I received my M Ed though online courses and I don't think I ever received a well thought out response to any email I sent an instructor. Plus they had up to 24 hours to respond. If I have allocated time on Tuesday and Thursday evenings to work on a class, and I email the instructor at 10 am Thursday morning and haven't received a response by 10 pm that night, email support is pretty worthless. So if you are going to include email support, what response time frame are you willing to guarantee?



> When I was in college, many of my instructors had written books or articles used in their classes. It could work the same way for online classes, in that the students would have access to articles and/or books by the instructor at no extra charge (probably e-books for simplicity, but they could be CD or paper if desired).


When you design the class, you define all the information that is to be included. You might develop all the information yourself, you might require the student buys a specific book, or you might include additional online resources for the student. Where the information comes from isn't important. What is important is that ALL the required information is available to the student. 

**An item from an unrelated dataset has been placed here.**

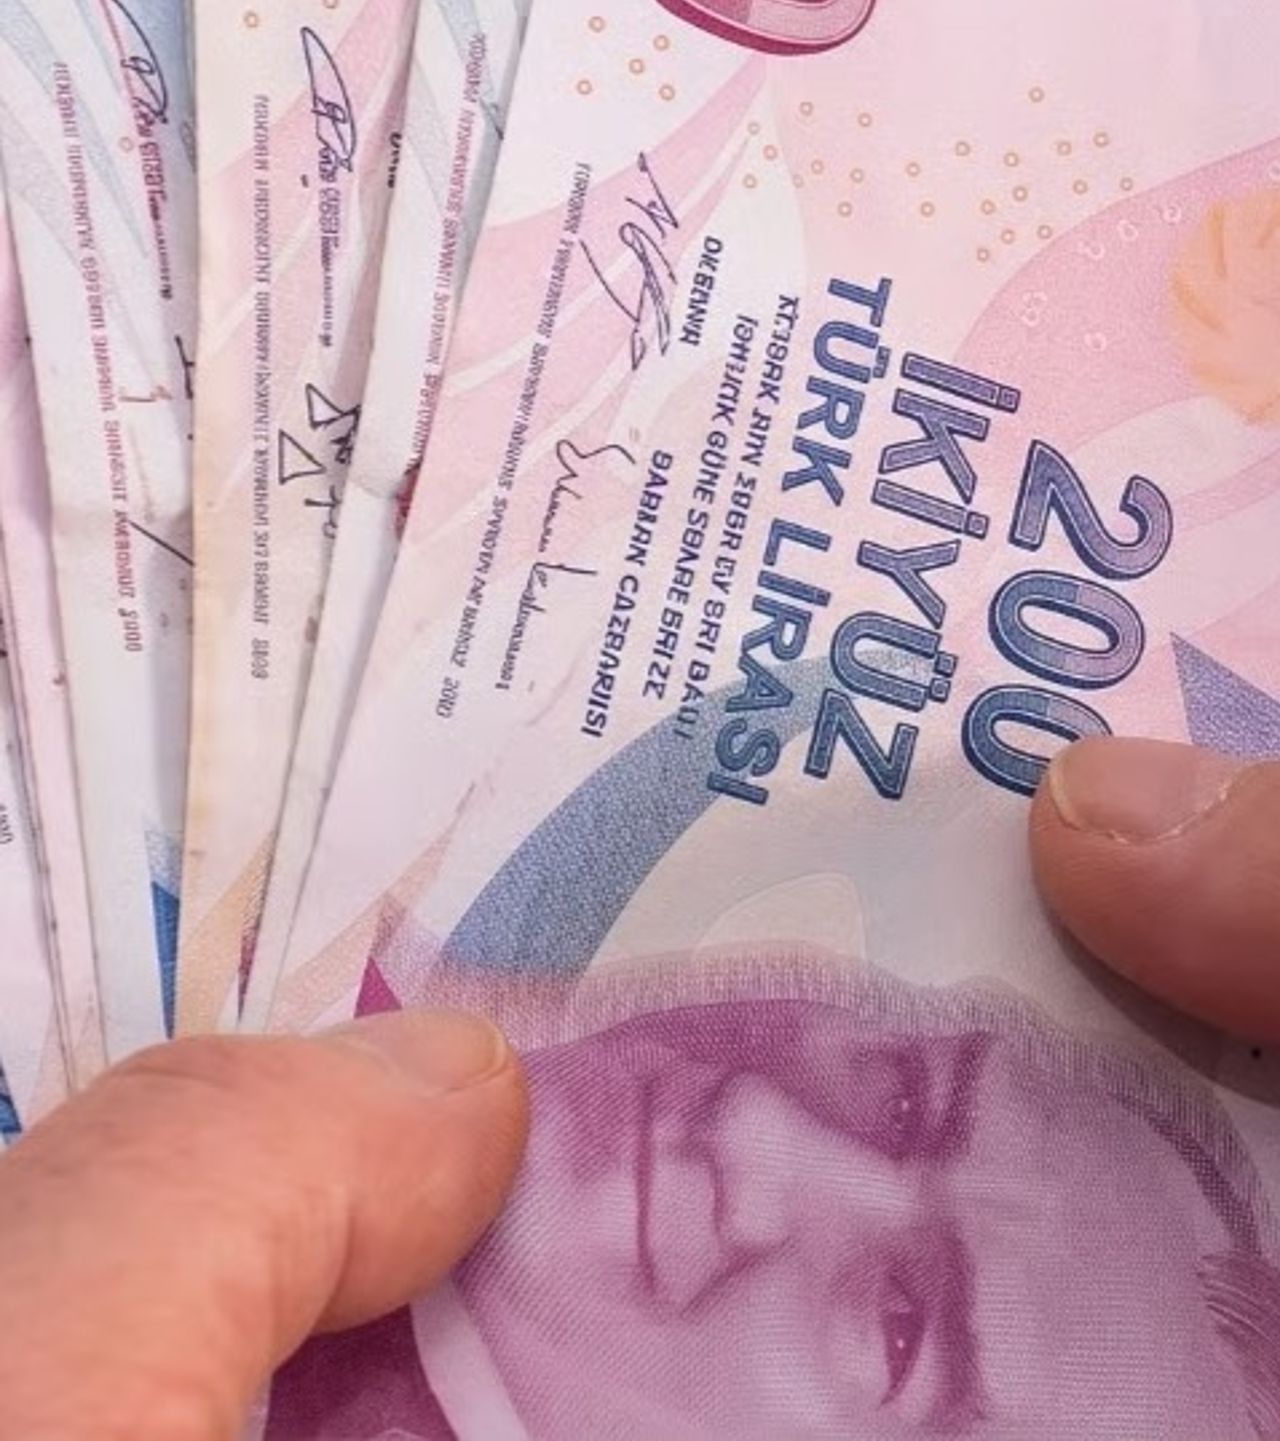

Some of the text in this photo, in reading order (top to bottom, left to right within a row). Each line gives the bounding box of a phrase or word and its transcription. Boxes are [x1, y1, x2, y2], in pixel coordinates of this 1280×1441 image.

[781, 277, 893, 507] TÜRK
[803, 351, 1021, 800] İKİYÜZ
[961, 439, 1173, 797] 200

> Also, the economy is certainly on the decline, but not dead yet  So, I was thinking that (maybe?) there would be folks who would like to take hands on classes, but they can't now. To me, an online class would seem like a good alternative.


An online course can be just as hands-on as a classroom course. Its just that the student is working alone. Online universities such as University of Phoenix are doing a booming business right now because people are trying to upgrade their credentials. You need to do an analysis based on the specific course you want offer. 


> I've only taken one online course through a university, which was pretty good, and cost about the same as two good books on the subject would cost. Not near as good as hands on, but much better than any one book I'd read on the topic. For what it offered, I thought it was very inexpensive, and I would have been willing to pay quite a bit more. I couldn't afford an "in person" course on the same topic, and most books I'd read, although very helpful, were lacking. This was an economical way for me to learn more. Perhaps the online course I took was just better than most, though. An exception to the rule, maybe?


Typically, if the online course is for college credit or technical certification, it is the same price as the classroom version of the course. Other online courses are based on what the market will bare.

You might want to do some research on learning theories and instructional design theories. Basically this is "How do people learn" and "How should I present the information". One of the best written, easiest to understand articles on learning theory is Crash Course in Learning Theory by Kathy Sierra. If you follow her guidelines you will create an interesting and challenging class.


----------



## akhomesteader (Jan 5, 2006)

Thank you all very much for the replies and links. I will definitely think through the points you have made. I appreciate your time. Rich, one thing (among many) you said really struck me. You said that most people have never learned the discipline for self teaching. That always amazes me. Even many adults seem to want to be spoon-fed every bit of the information. Many people are afraid to try something unless they are completely sure they will succeed. If they're not sure, then they want someone to hold their hand through it. Of course, not everyone is like that. But, I see it often. 

You made a point about how online classes can be very hands on. That is exactly what we hope to do. We don't want to simply compile a list of online or library resources, then leave it at that. We want to provide those resources, have things for the students to actually do (put the information from those resources into action), and then have them tell us about what they did, how it worked, what went wrong, what could have improved their outcome, etc. In a way, we want to give them a starting point so they have what they need (information, experience and confidence) to continue learning on their own. 

I hope I'm on the right track. If not, well . . . "live and learn". I'll study the article, too. Thank you.

Jenny


----------